Met een handvol kaarsen liep ik naar boven en ik zette ze op de nachtkastjes neer. Ik ruimde de slaapkamer op, trok het dekbed recht en deed de gordijnen dicht. Ik trok ander ondergoed aan, iets dat wel bij elkaar hoorde en van zwart kant was. Half doorzichtig.
Een halfuur later deed ik de deur voor Vincent open die Victor bleek te heten. Hij wilde blijven slapen en ik vond het best. Dat ging zo:
‘Mag ik bij jou blijven slapen?’ vroeg hij. ‘Mijn huisgenoot heeft bezoek en ik vind het fijn bij jou.’
‘Ja, graag zelfs. Dat lijkt me heel gezellig.’
De volgende ochtend was het maandag en ik meldde me ziek.
‘Ik heb blaasontsteking. Ja, het doet echt ontzettend zeer, ik kan amper lopen. Straks moet ik bij de apotheek de medicijnen ophalen.’

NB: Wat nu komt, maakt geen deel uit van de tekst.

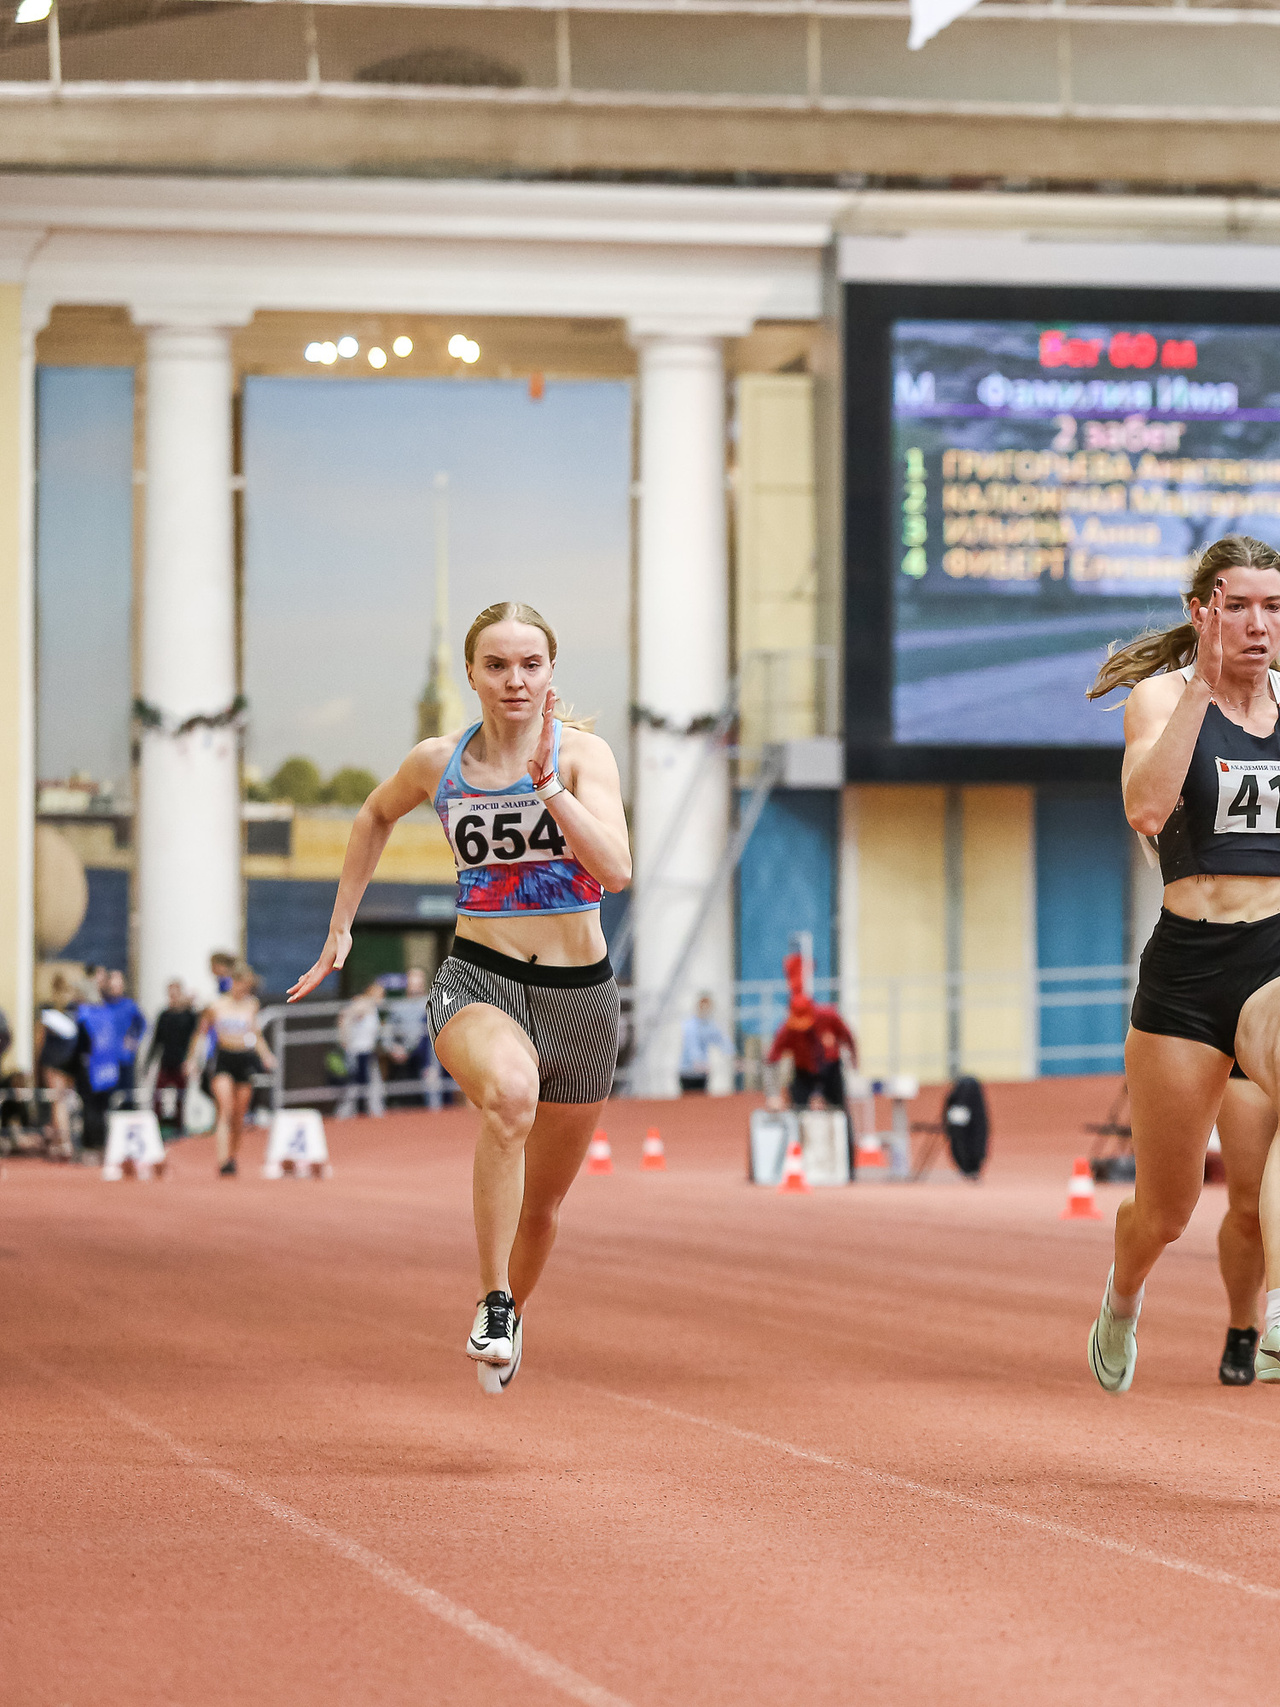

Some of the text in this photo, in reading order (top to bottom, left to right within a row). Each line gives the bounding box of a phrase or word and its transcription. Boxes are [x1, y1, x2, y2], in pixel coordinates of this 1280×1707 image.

De hele dag bleef ik met Vincent in bed. Ik bedoel Victor. Toen het buiten alweer donker was trok hij een pyjamabroek van me aan die veel te kort voor hem was maar die lekker strak om zijn billen zat. Als ik niet zou opletten kreeg ik echt een blaasontsteking.
We verhuisden van het bed naar de bank. Hij liep fluitend door het huis en hij pakte alleen de telefoon om pizza’s te bestellen.
Zolang ik niet aan aan mijn man dacht leek het alsof het leven nog nooit zo simpel en fijn was geweest.